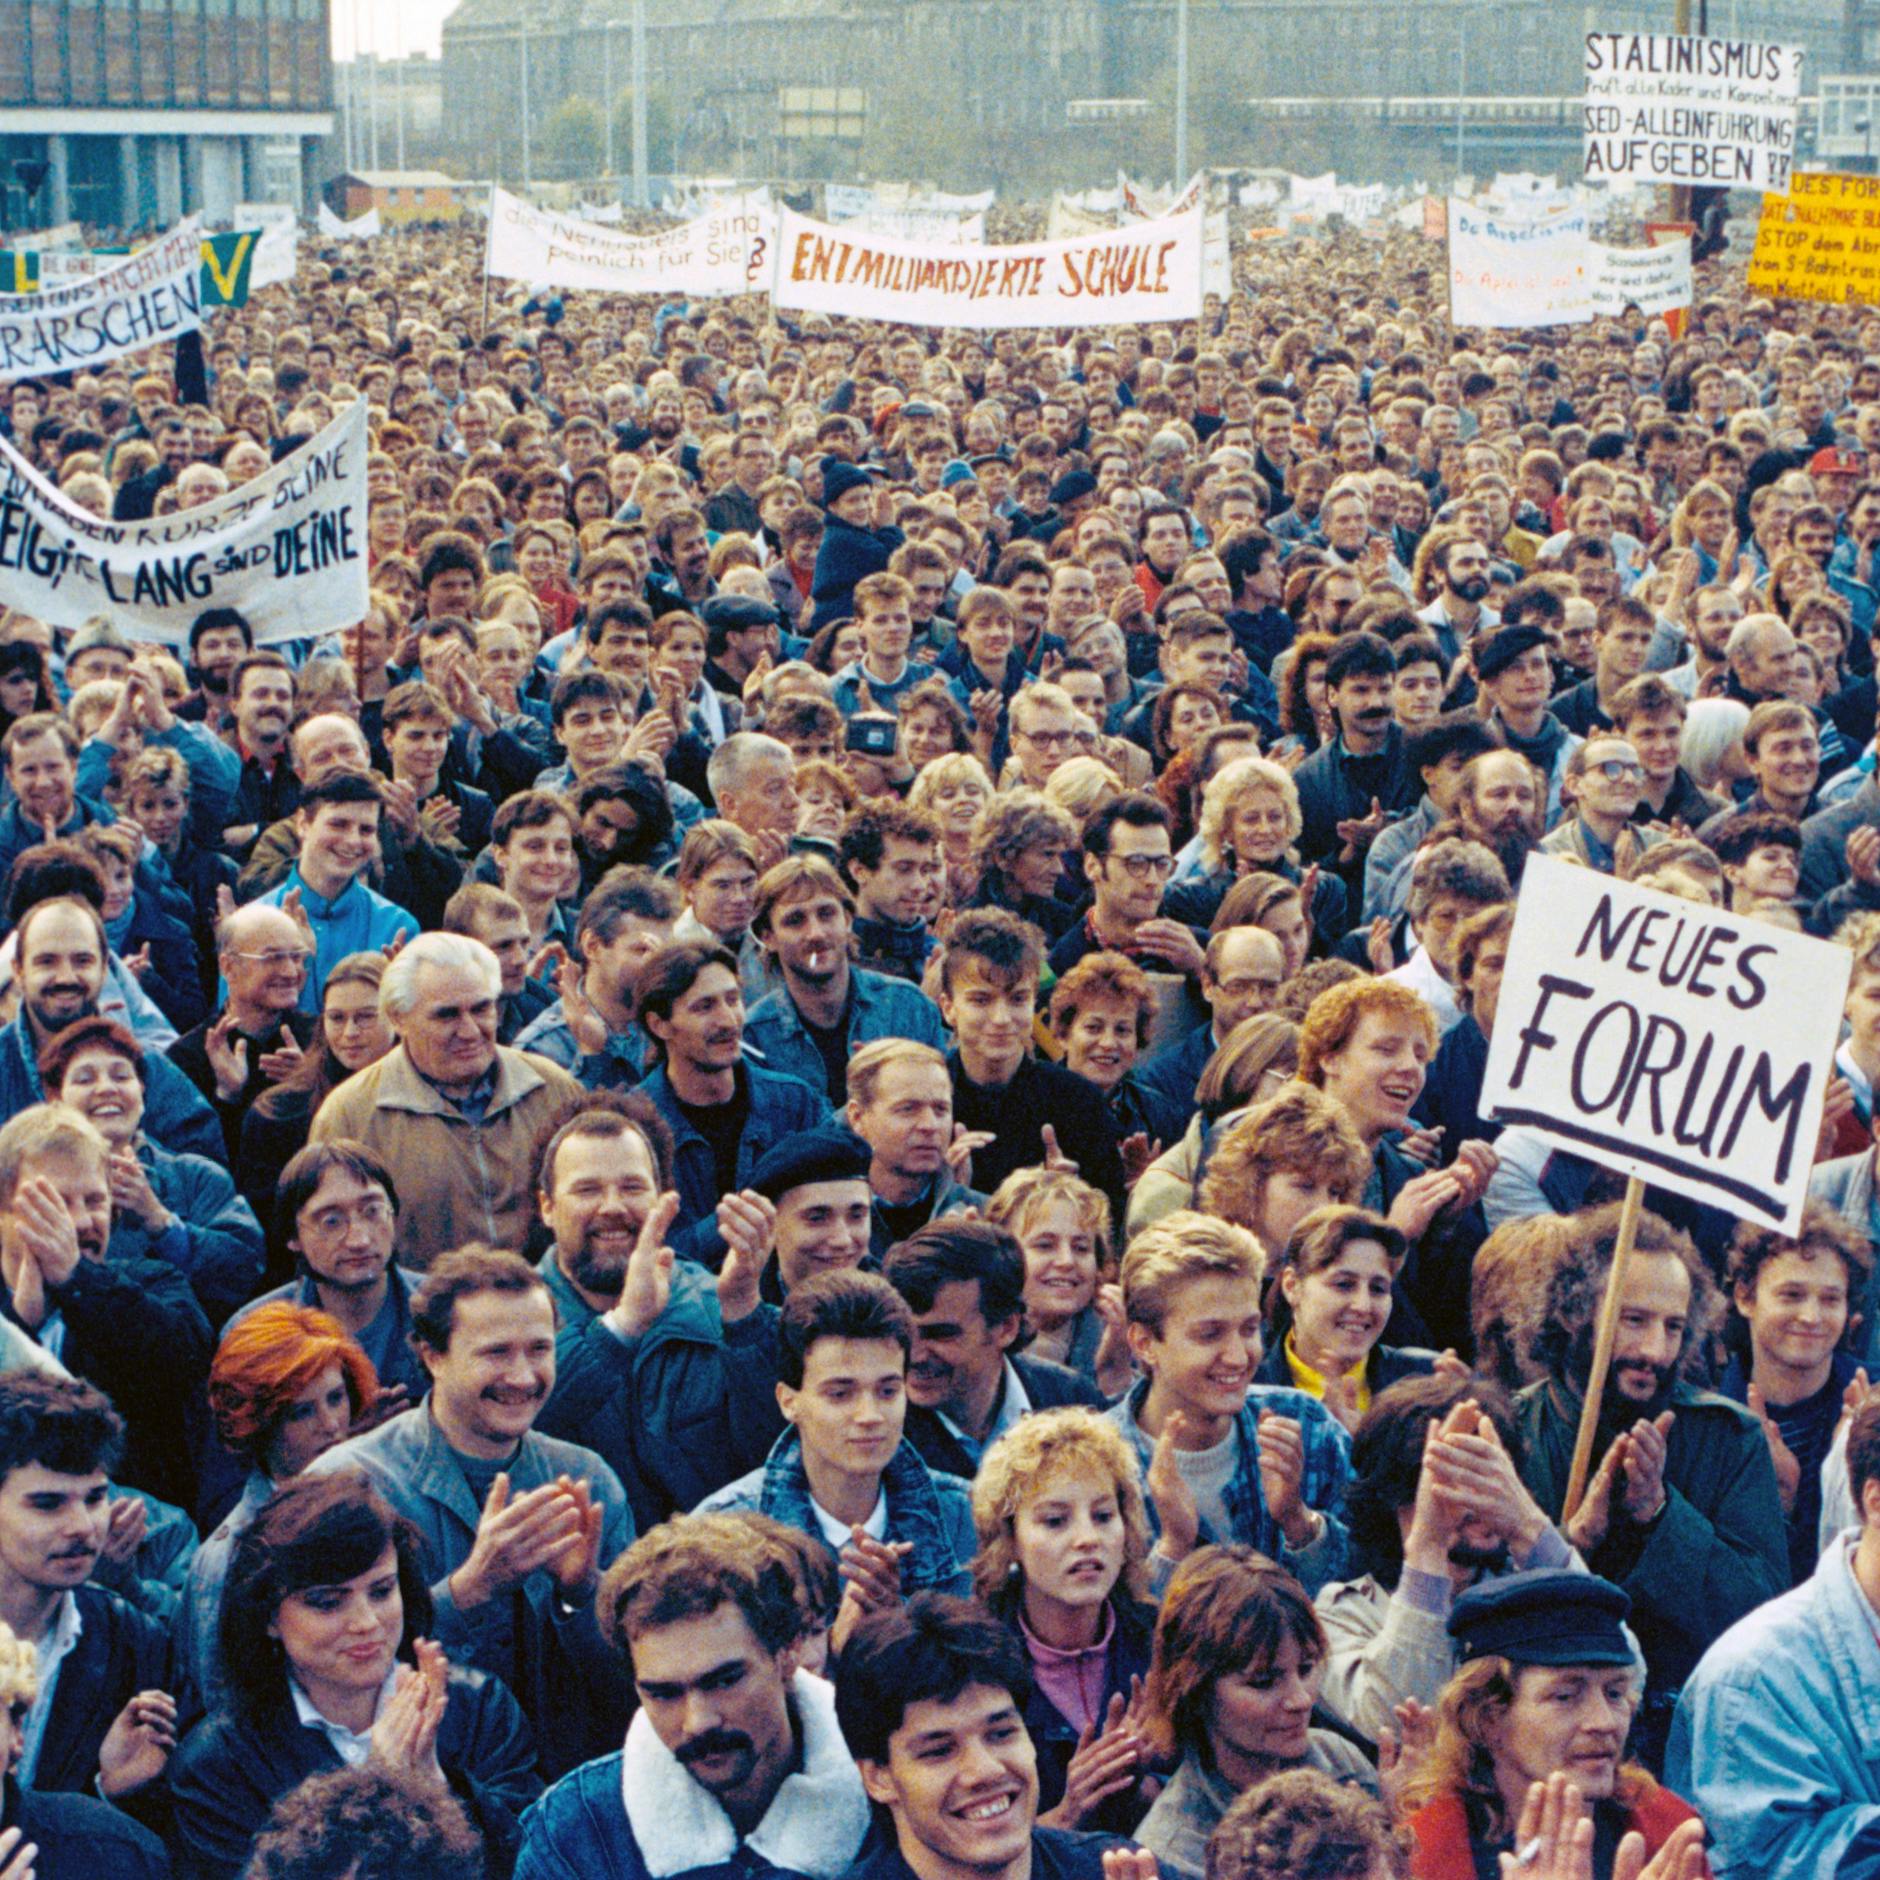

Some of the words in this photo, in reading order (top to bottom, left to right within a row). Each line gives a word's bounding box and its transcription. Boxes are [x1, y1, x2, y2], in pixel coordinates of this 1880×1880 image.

[1585, 32, 1782, 82] STALINISMUS
[1584, 139, 1754, 182] AUFGEBEN
[1791, 172, 1831, 196] UES
[1840, 175, 1880, 199] FOR
[707, 211, 760, 241] sind
[1760, 228, 1809, 249] STOP
[1851, 235, 1880, 255] Abr
[98, 251, 161, 297] NICHT
[658, 249, 693, 274] für
[705, 240, 742, 267] Sie
[1057, 240, 1178, 298] SCHULE
[1786, 254, 1880, 279] S-Bahntras
[0, 272, 200, 371] RARSCHEN
[100, 552, 213, 608] LANG
[1574, 893, 1779, 1010] NEUES
[1507, 973, 1813, 1186] FORUM

==============================

▶ **WHAT YOU NEED TO DO**
Without the pictures, extract every entry verbatim.

▶ **TASK RESULT**
Some of the words in this photo, in reading order (top to bottom, left to right within a row). Each line gives a word's bounding box and its transcription. Boxes are [x1, y1, x2, y2], in pixel coordinates of this 1880×1880 image.

[1585, 32, 1782, 82] STALINISMUS
[1584, 139, 1754, 182] AUFGEBEN
[1791, 172, 1831, 196] UES
[1840, 175, 1880, 199] FOR
[707, 211, 760, 241] sind
[1760, 228, 1809, 249] STOP
[1851, 235, 1880, 255] Abr
[98, 251, 161, 297] NICHT
[658, 249, 693, 274] für
[705, 240, 742, 267] Sie
[1057, 240, 1178, 298] SCHULE
[1786, 254, 1880, 279] S-Bahntras
[0, 272, 200, 371] RARSCHEN
[100, 552, 213, 608] LANG
[1574, 893, 1779, 1010] NEUES
[1507, 973, 1813, 1186] FORUM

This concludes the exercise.